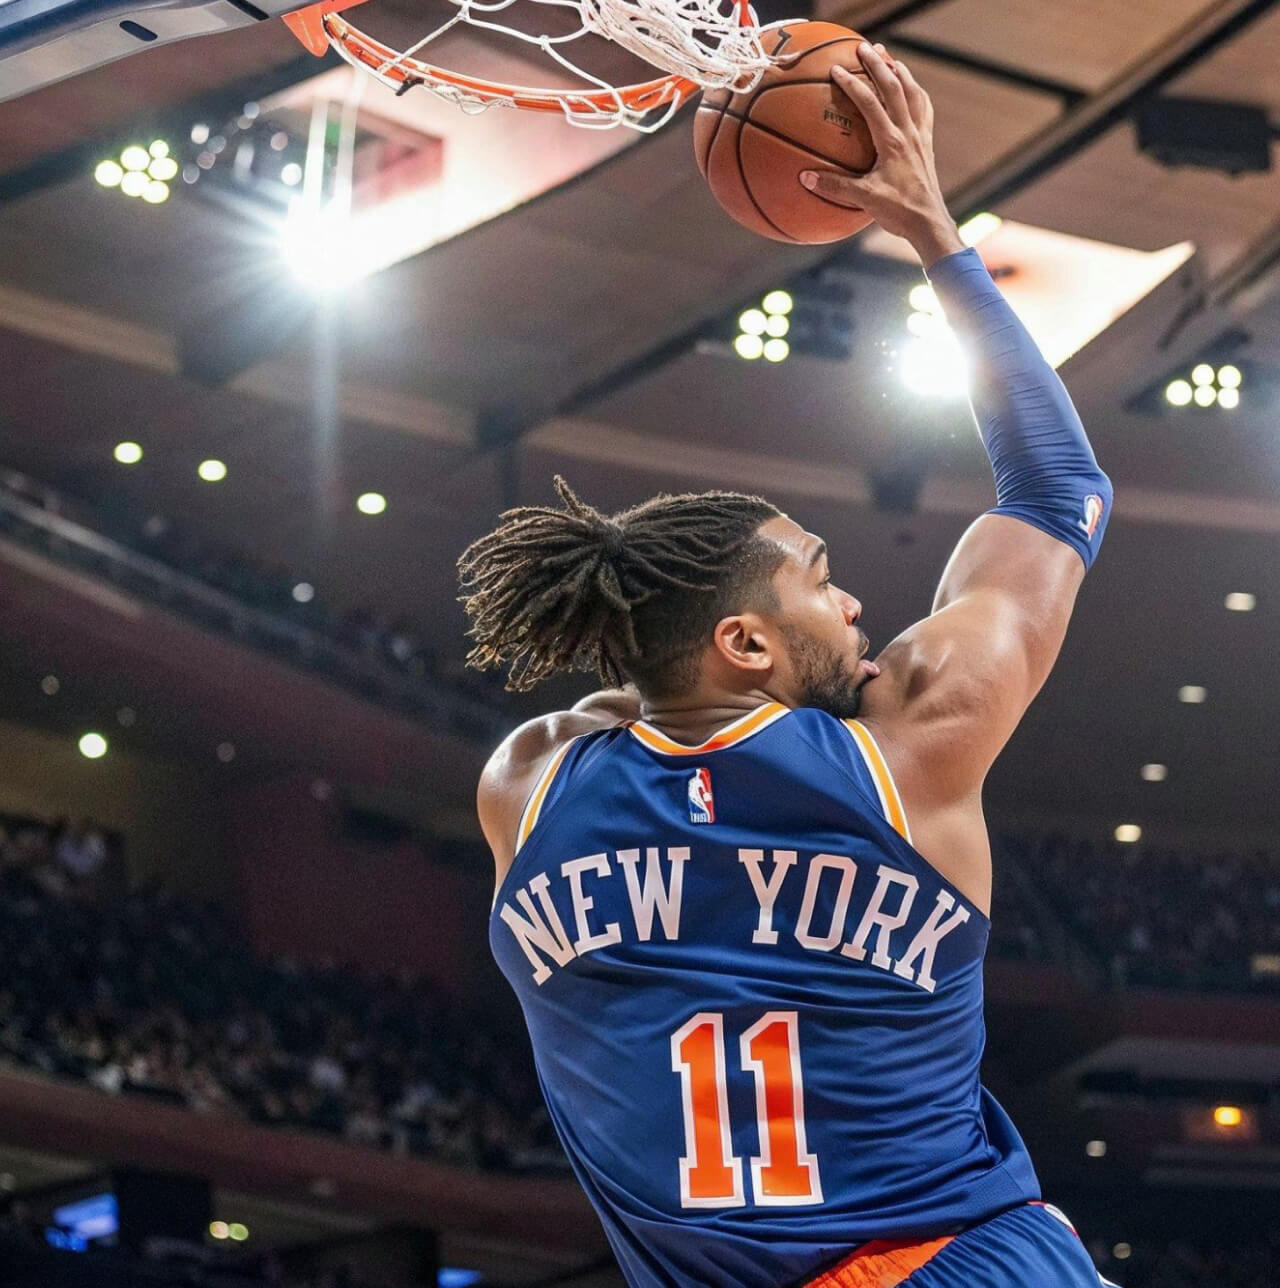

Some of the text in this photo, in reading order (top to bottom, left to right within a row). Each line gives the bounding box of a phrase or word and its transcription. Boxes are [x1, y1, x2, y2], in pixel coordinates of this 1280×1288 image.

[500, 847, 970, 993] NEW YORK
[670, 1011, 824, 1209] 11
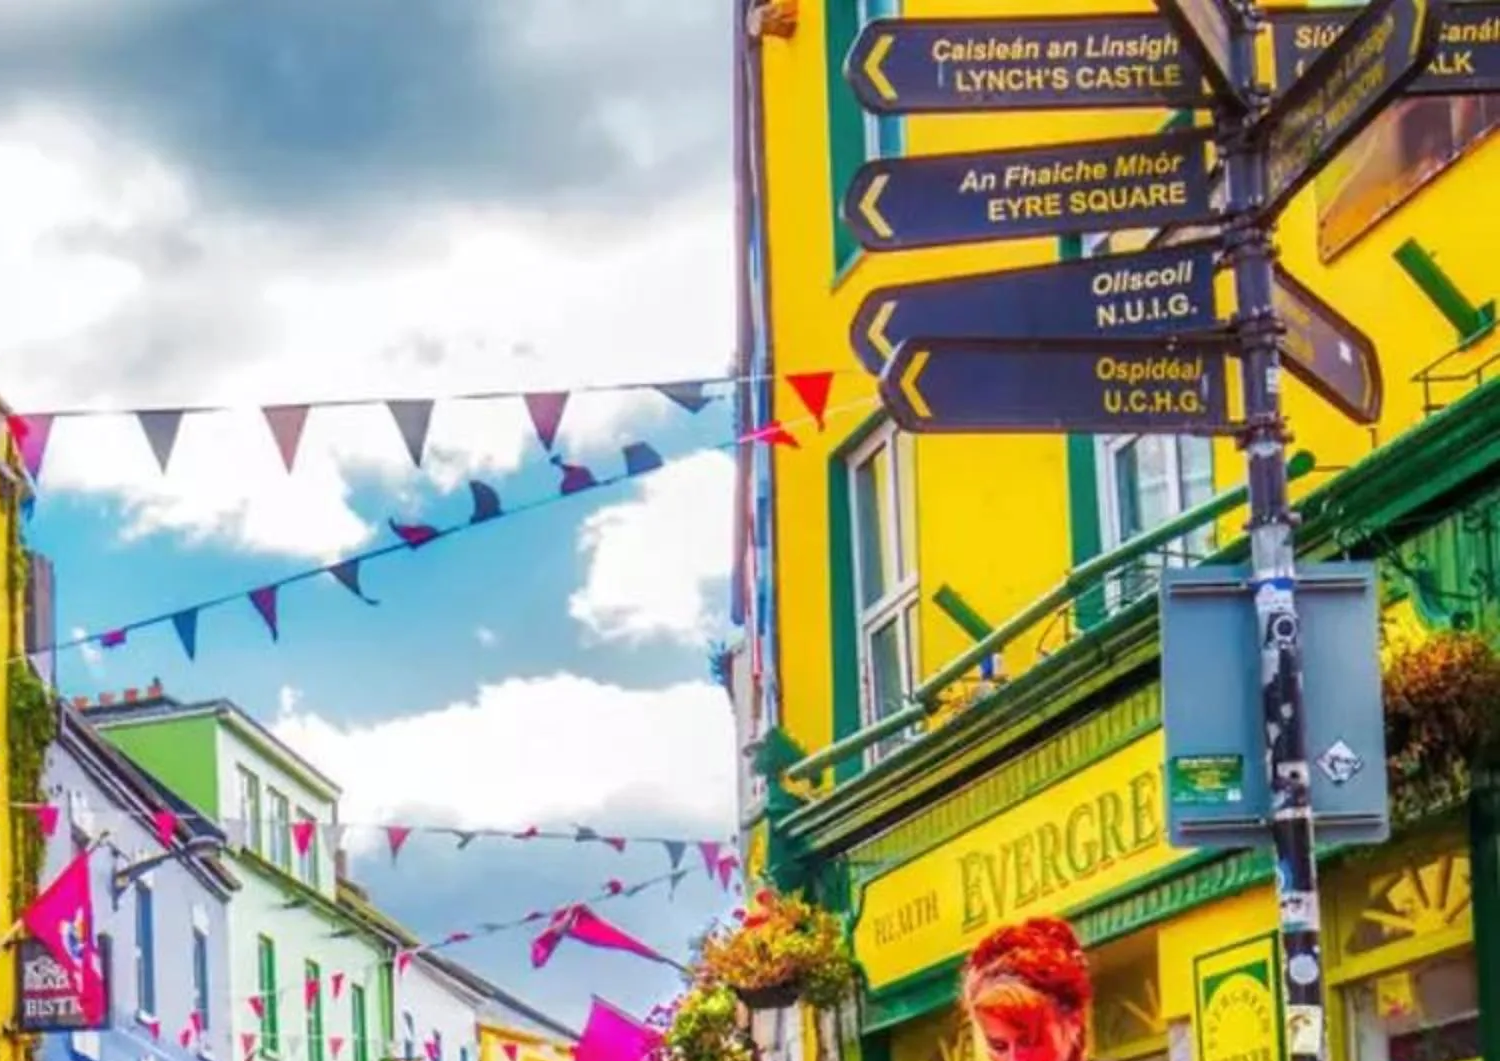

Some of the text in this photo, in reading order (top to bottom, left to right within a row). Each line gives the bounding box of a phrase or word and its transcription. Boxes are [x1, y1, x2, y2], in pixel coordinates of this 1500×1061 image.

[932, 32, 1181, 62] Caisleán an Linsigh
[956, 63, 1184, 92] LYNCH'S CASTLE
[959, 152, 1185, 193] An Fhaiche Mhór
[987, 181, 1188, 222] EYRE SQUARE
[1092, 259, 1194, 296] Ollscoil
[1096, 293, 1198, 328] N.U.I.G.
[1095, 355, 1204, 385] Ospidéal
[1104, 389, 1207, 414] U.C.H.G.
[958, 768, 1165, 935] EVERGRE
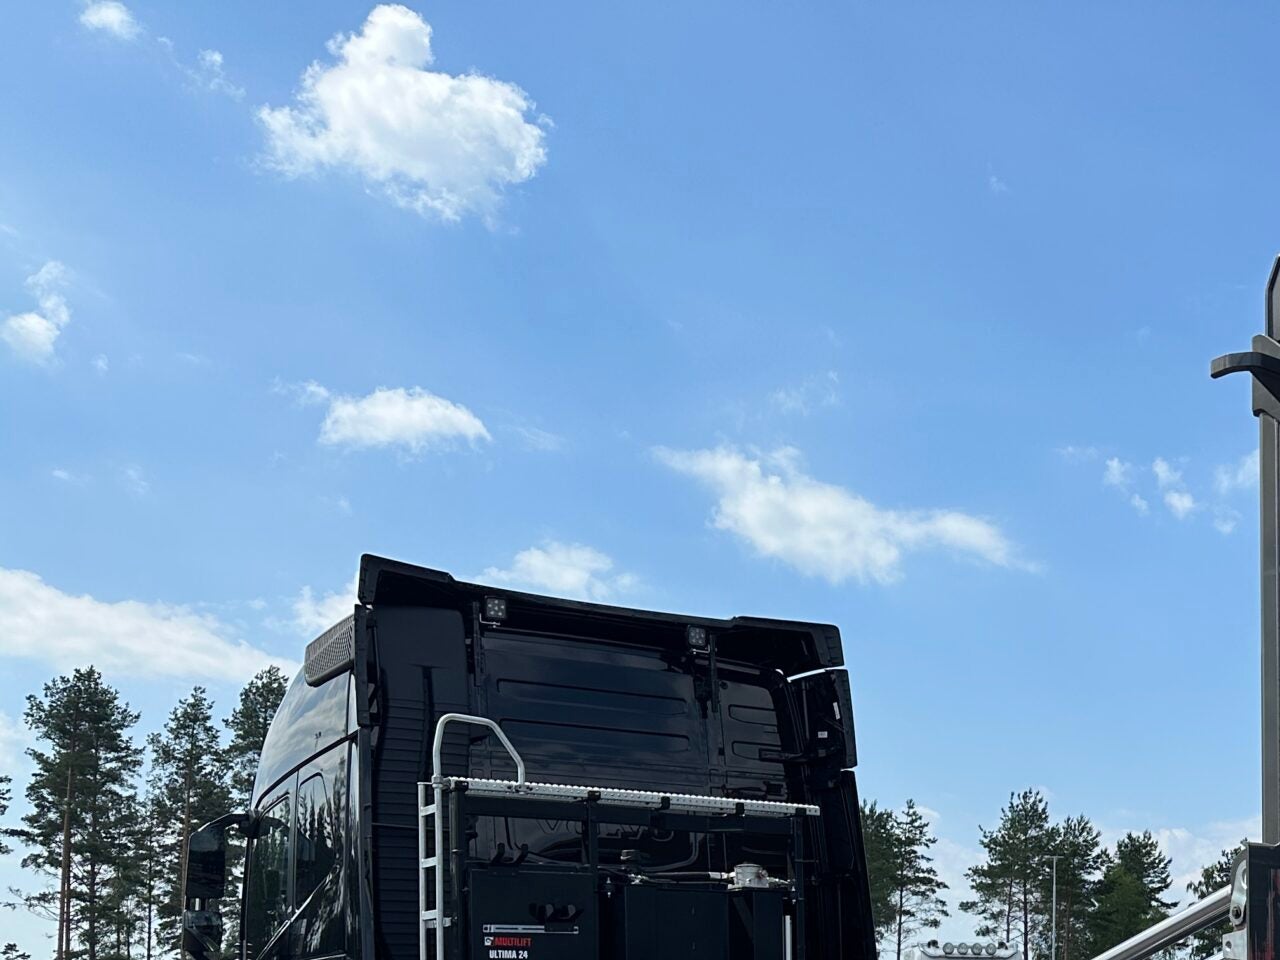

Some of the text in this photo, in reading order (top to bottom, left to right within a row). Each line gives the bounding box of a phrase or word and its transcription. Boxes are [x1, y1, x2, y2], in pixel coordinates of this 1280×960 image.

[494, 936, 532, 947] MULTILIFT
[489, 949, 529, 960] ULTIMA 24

**How to complete this task:** Copy the records exactly. Skip the pictures.

**Answer:**
Some of the text in this photo, in reading order (top to bottom, left to right within a row). Each line gives the bounding box of a phrase or word and its transcription. Boxes are [x1, y1, x2, y2], in pixel coordinates of this 1280×1288 image.

[500, 847, 970, 993] NEW YORK
[670, 1011, 824, 1209] 11

Some of the text in this photo, in reading order (top to bottom, left to right within a row). Each line gives the bounding box of a phrase or word and its transcription. Boxes are [x1, y1, x2, y2], in pixel coordinates of this 1500×1061 image.

[932, 32, 1181, 62] Caisleán an Linsigh
[956, 63, 1184, 92] LYNCH'S CASTLE
[959, 152, 1185, 193] An Fhaiche Mhór
[987, 181, 1188, 222] EYRE SQUARE
[1092, 259, 1194, 296] Ollscoil
[1096, 293, 1198, 328] N.U.I.G.
[1095, 355, 1204, 385] Ospidéal
[1104, 389, 1207, 414] U.C.H.G.
[958, 768, 1165, 935] EVERGRE

Some of the text in this photo, in reading order (top to bottom, left to right within a row). Each line gives the bounding box of a phrase or word and its transcription. Boxes are [x1, y1, x2, y2], in pixel coordinates of this 1280×960 image.

[494, 936, 532, 947] MULTILIFT
[489, 949, 529, 960] ULTIMA 24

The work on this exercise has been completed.